As you are growing up and people are taking you as a model to portrait, am I taking the right decision that I won't hurt those people?
Sometimes this fear cripples me to the point that I freeze down and stop thinking at all, like imagine there is a time that I couldn't do anything on a Sunday due to the fact that I don't know how to start this thing that my mind froze and blocked to the point that I returned home frustrated
I am taking small steps regarding this like the blog and podcast were part of this, the podcast plays a huge role in learning about new people that it forces you to start something new with every person I have to get on the show
Seeing patterns and acknowledgment of the unknown
I see patterns almost every single day yet I rarely interfere with those signs, I acknowledge them that there is something that I have to do at the current moment
Imagine one day that my CEO friend and the coffee guy next work opened the same topic as an opener with zero context nor previous conversation of the situation? And when you see this pattern with more and more people then it is time to take notes that it is something that needs to be solved or it will approach you. It is known as frequency illusion or "Baader-Meinhof" phenomenon and it is when someone gives you hints about something in life that now it is more visible than before
I am aware of those patterns and acknowledge them but when it will occur? We don't know but sometimes those patters might lead to good things in life but we never know when they will arrive but sometimes I see patterns that might not lead to the right thing but fortunately that I journal every day that I am aware of many things and those patterns are visible and straight forward hence I am able to take a reasonable decision
Good things take time to arrive
I faced this when I was starting out my podcast that I was going to start it in November 2021 but I ended up starting it in March 2022 and it is the best decision I have ever taken. The guests arrived on the right time and if I did it before then I would have removed the idea of the podcast in the first place
It was done in the right time, I don't know when the other good things in life but I know that good things take time. Ironically it was fear that made me take the time to do so but when it was done, it became the podcast that you see in-front of you that I am proud of
But never in my life I know when it is the right time to do something, we are not sure when the right time will be
Embracing the modern renaissance identity
You would see on my bio on twitter and instagram that "I am a modern day renaissance man" which might strike people's curiosity on what it is and why I am aiming towards that persona
To make it simple: a modern day renaissance man is someone who is knowledgeable about various topics but not in a jack of trades level but verifiable knowledge that can be expressed and acknowledged which can stretch towards mathematics, physics, and much more
But what people don't know that it can stretch towards musical instruments and art which is what I am trying to aim for.
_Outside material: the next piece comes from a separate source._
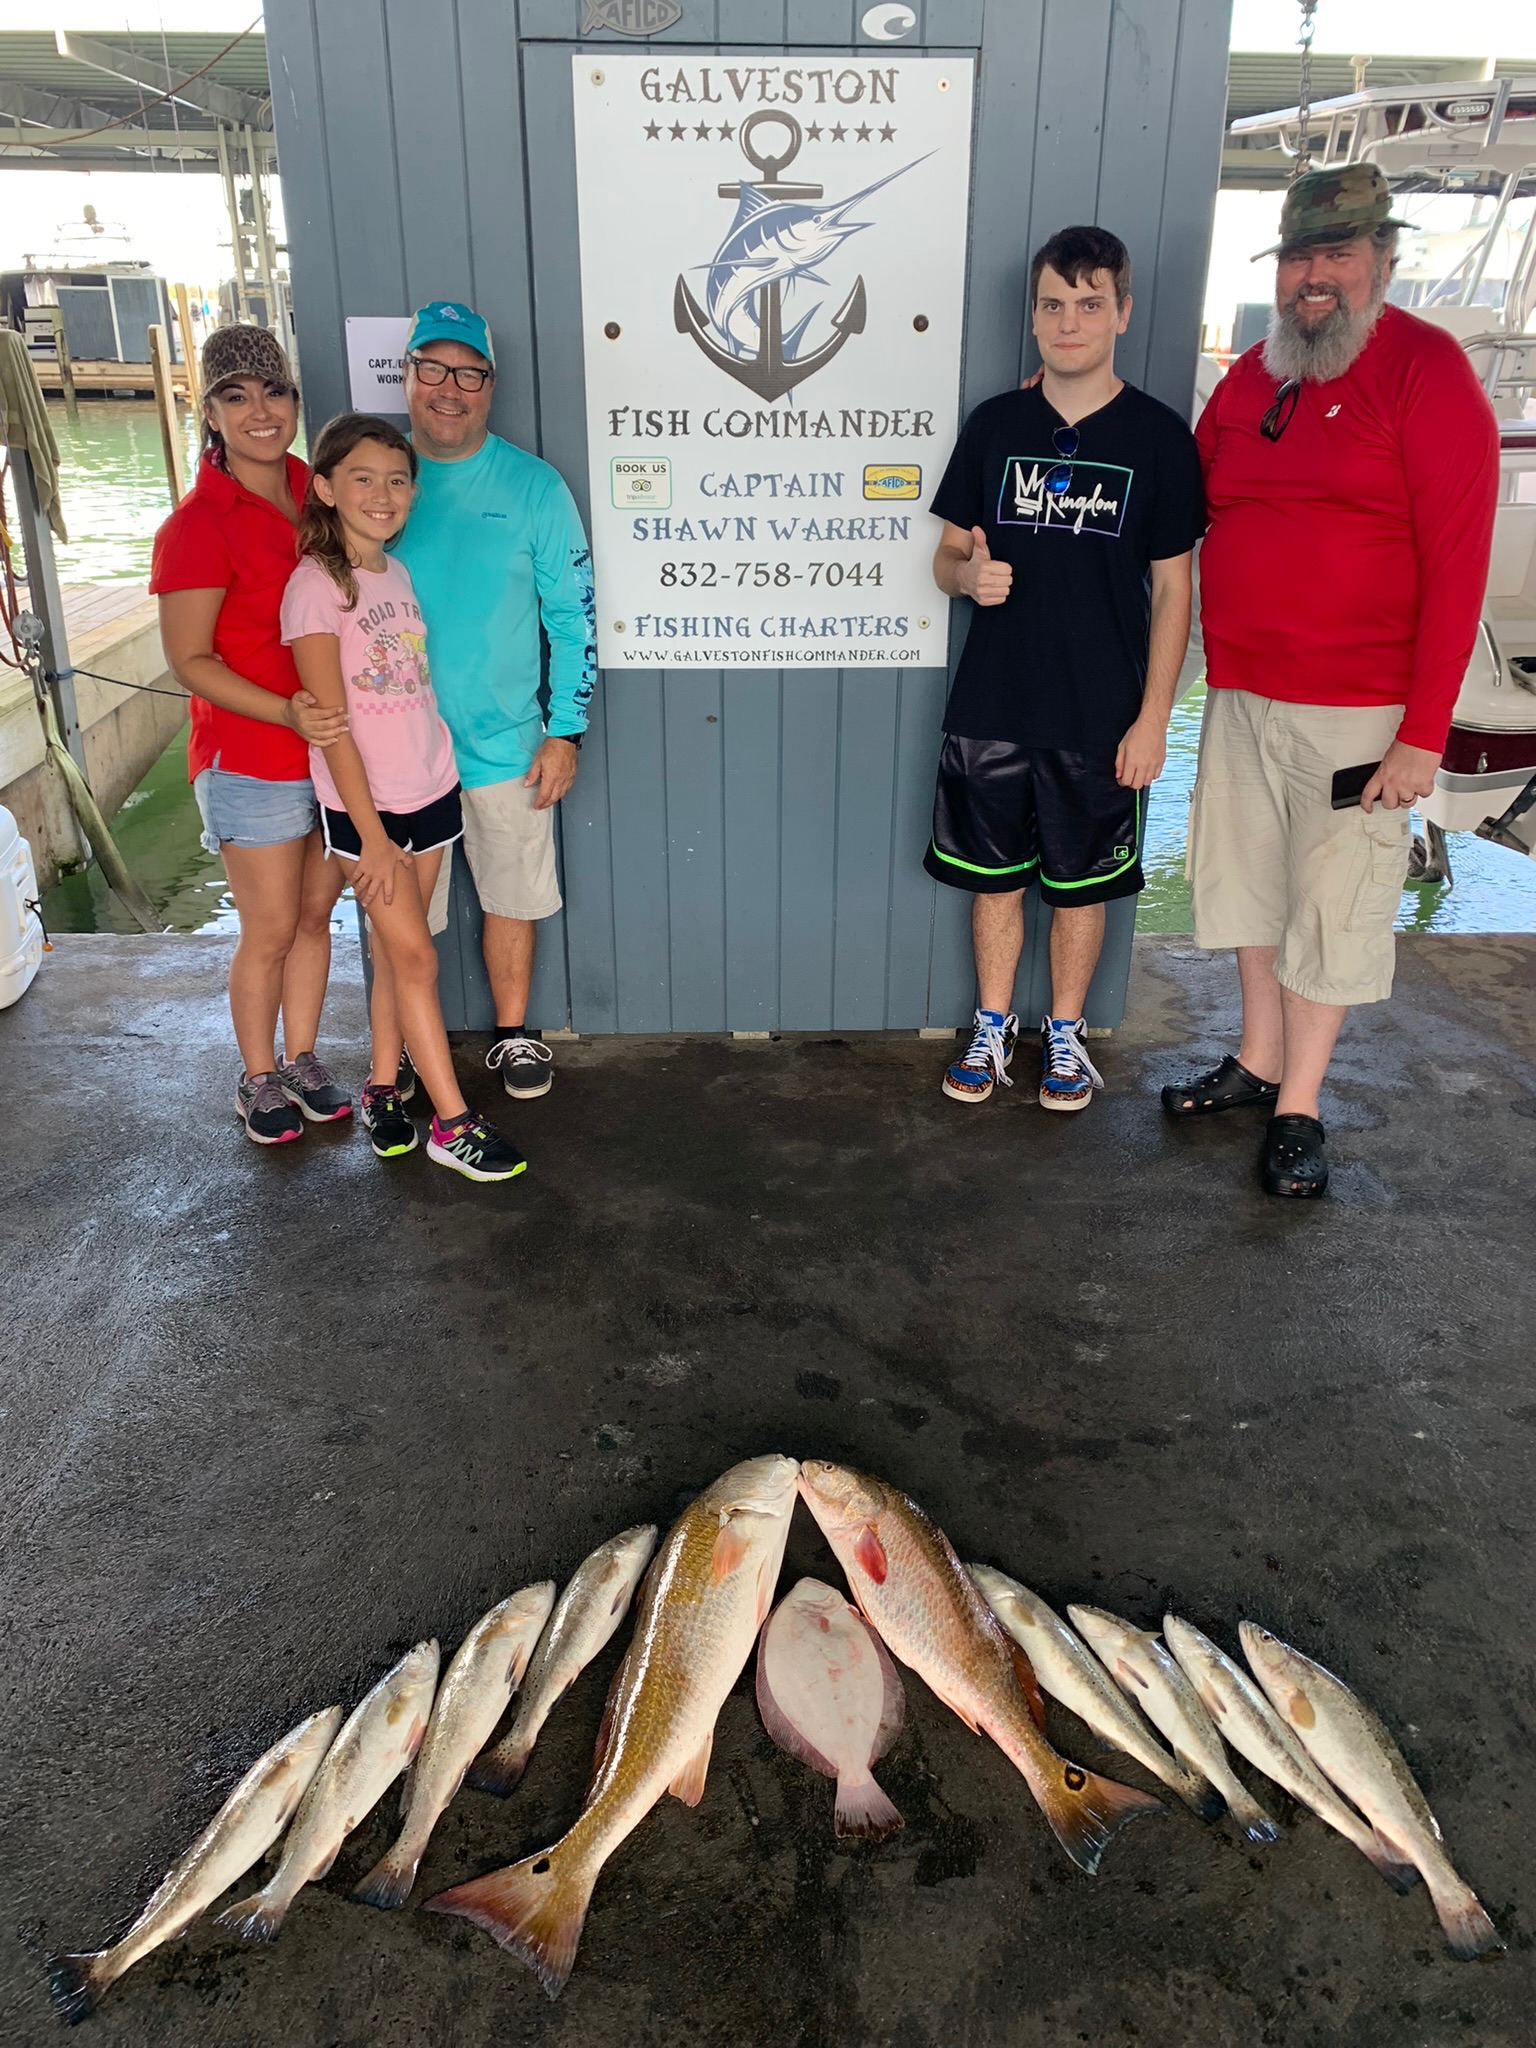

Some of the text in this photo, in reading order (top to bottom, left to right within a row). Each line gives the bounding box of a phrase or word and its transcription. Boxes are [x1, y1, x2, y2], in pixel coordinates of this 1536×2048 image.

For time that I wanted to learn how to play the violin (in 2020 on the day of the Beirut Port blast that I was going to ask a music school but I didn't go there and good thing I didn't go there because I would have been dead from the glass shattering)
But to embrace this life that I am going to read more mathematics based books and learn how to play the violin along with my usual philosophy and psychology book reading habit
I have a problem starting anything from the beginning but can manage it when diving deep into it
One thing that freaks people out when they find out about me that I have a huge fear of starting something than managing something even though I have all the skills to start that thing properly from the beginning
Take for example the podcast like I had a hard time starting it but managing it now is easier than before because I know what I am doing with it
I have a problem starting anything like introducing myself to others but if I know this person then I can carry a conversation without issues or introducing myself to do certain business with a certain person is hard but if that person has an idea of what I do then carrying that conversation becomes easy to do
This is due to the fact that I didn't have the luxury of engaging with people or put my hands dirty from a young age to engage in things that I didn't develop this part properly but now as I am facing this and I have to take the decision to move forward then it is something that I cannot ignore at all, it is part of life that I have to deal with regardless of the case
My introverted side kicks in good when I have to resolve towards social activities but intellectual activities are easy to do when the scope is defined. I am working on that part but it will take a certain amount of time to get used to it
As I am getting older, doing mistakes cost much more than when I was a teenager
I'm 25 years old as I am writing this article and going to say this in a blunt manner: nobody gives a shit of the mistakes that you did when you were 18 like heck almost everyone forgot what the mistake is in the next 3 hours of doing it (not all mistakes but majority of them)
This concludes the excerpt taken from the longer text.